A classic Vietnamese savory crepe, famous for its golden, crispy edges and a flavorful filling of shrimp, pork, and bean sprouts, typically served with fresh herbs and a tangy dipping sauce.

Crispy Banh Xeo: Vietnamese Crepe
A classic Vietnamese savory crepe, famous for its golden, crispy edges and a flavorful filling of shrimp, pork, and bean sprouts, typically served with fresh herbs and a tangy dipping sauce.
Ingredients
- 1 cup rice flour
- 1/2 cup coconut milk
- 1/2 cup water
- 1/4 tsp turmeric powder
- 1/4 tsp salt
- 2 tbsp green onions chopped
- 1 lb shrimp peeled and deveined
- 1/2 lb pork belly thinly sliced
- 2 cups bean sprouts
- 1 tbsp vegetable oil per crepe
- cup nuoc cham for serving
Instructions
- Prepare the batter: In a large bowl, whisk together rice flour, coconut milk, water, turmeric powder, and salt until smooth. Stir in chopped green onions. Let stand for 20-30 minutes.

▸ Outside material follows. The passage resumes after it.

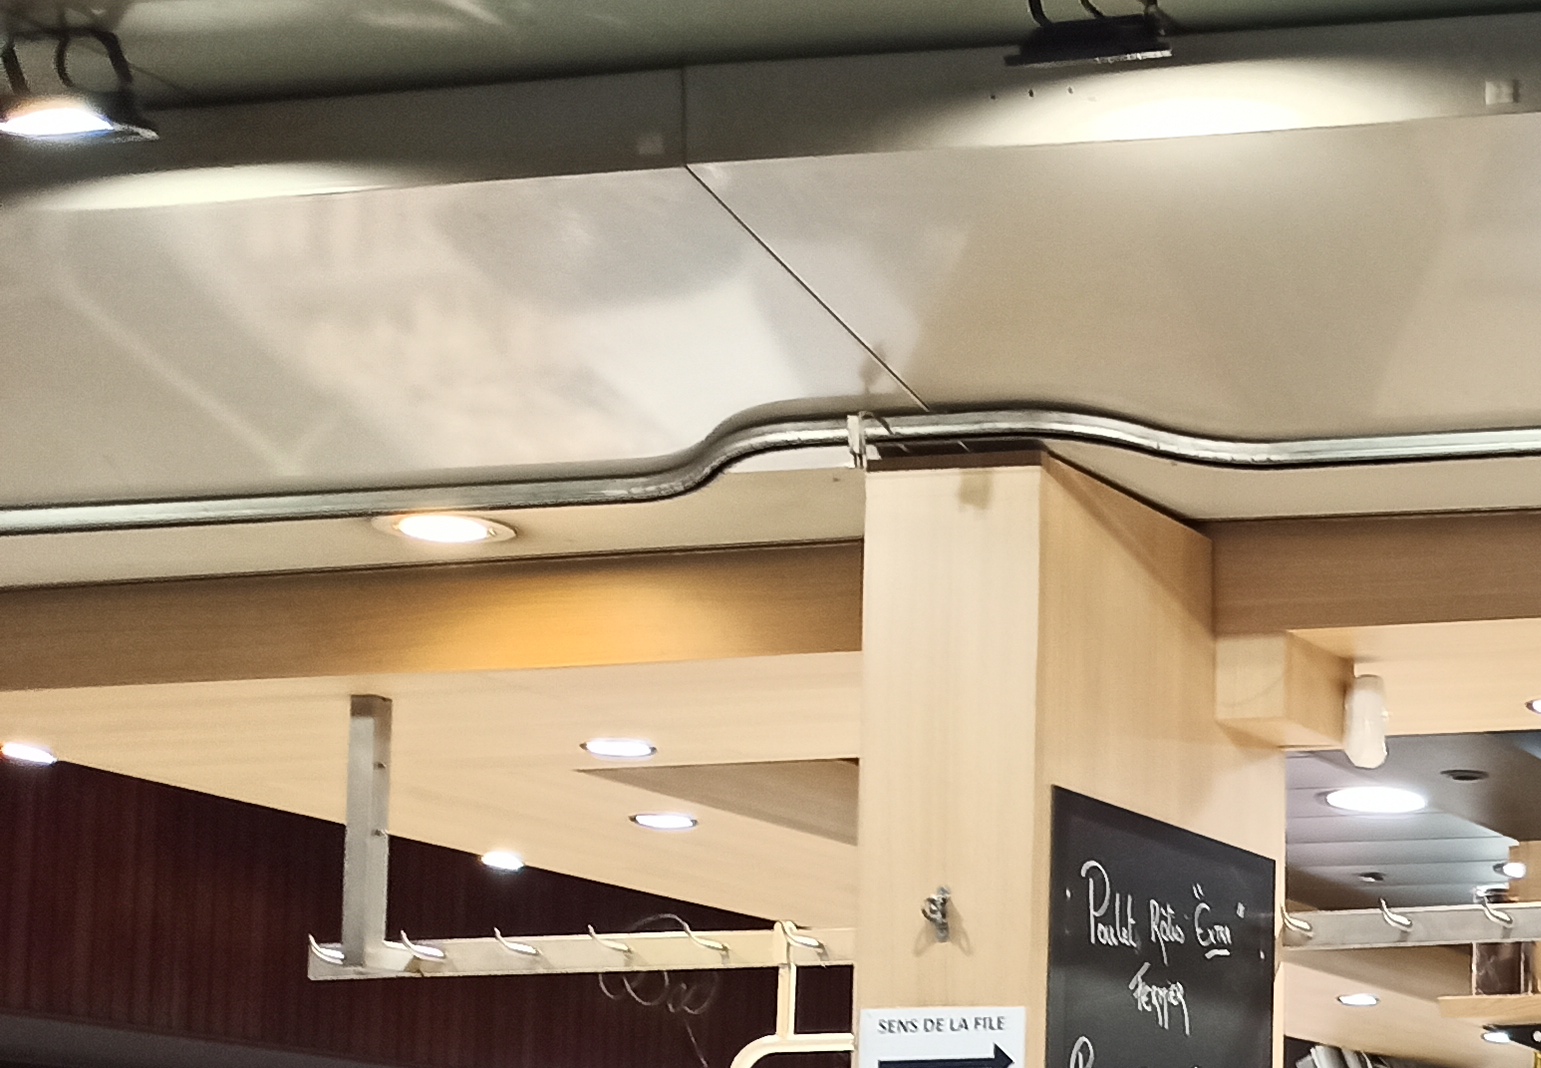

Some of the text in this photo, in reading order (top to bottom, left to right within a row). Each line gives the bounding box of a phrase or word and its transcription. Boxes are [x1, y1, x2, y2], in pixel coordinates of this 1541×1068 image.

[877, 1015, 1006, 1035] SENS DE LA FILE

- Cook fillings: Heat 1 tbsp oil in a large non-stick skillet or banh xeo pan over medium-high heat. Add a few slices of pork belly and a few shrimp, cook until almost done.

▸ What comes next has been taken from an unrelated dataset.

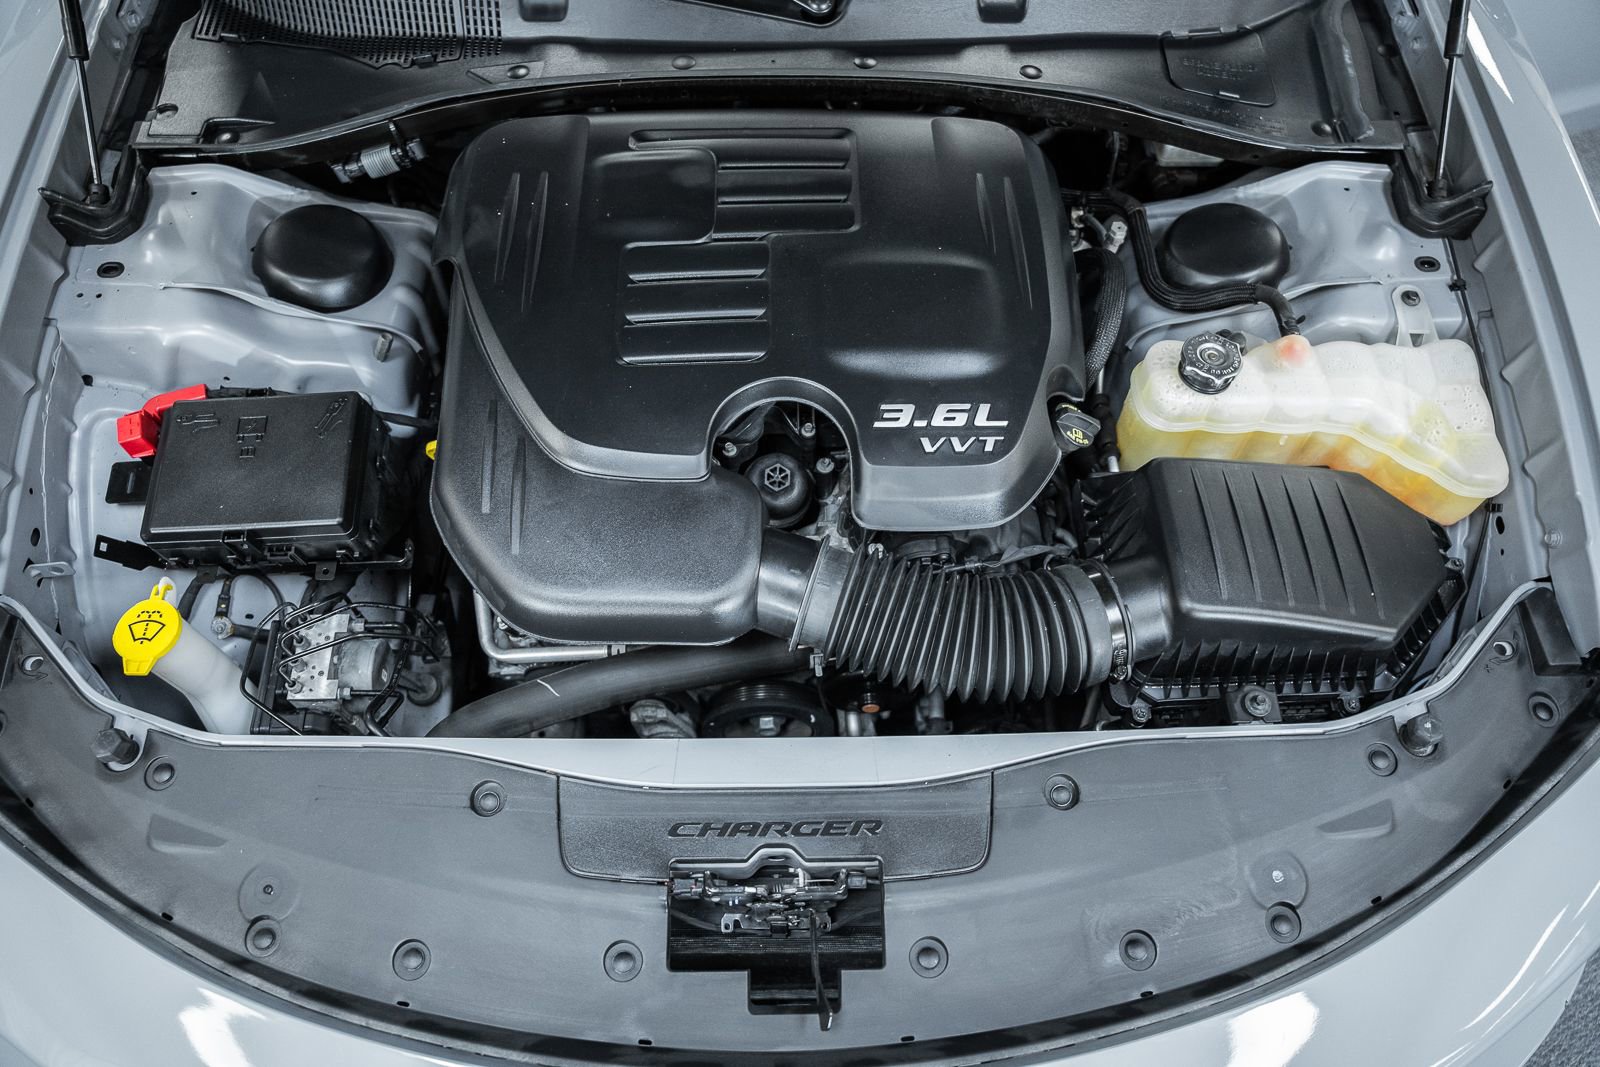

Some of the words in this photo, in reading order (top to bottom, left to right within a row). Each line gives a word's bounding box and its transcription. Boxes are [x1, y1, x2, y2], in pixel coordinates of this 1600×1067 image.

- Make the crepe: Pour about 1/2 cup of batter into the pan, tilting quickly to spread thinly. Add a handful of bean sprouts on one side. Cover and cook for 2-3 minutes until the edges are crispy and golden.
- Fold and serve: Uncover, fold the crepe in half, and slide onto a serving platter. Repeat with remaining batter and fillings.
- Serve hot: Serve banh xeo immediately with fresh lettuce leaves, herbs, and nuoc cham dipping sauce.
Notes
Serve immediately with fresh lettuce, mint, cilantro, and perilla leaves for wrapping. A side of nuoc cham (Vietnamese dipping sauce) is essential. For a vegetarian option, omit shrimp and pork and add more mushrooms or tofu.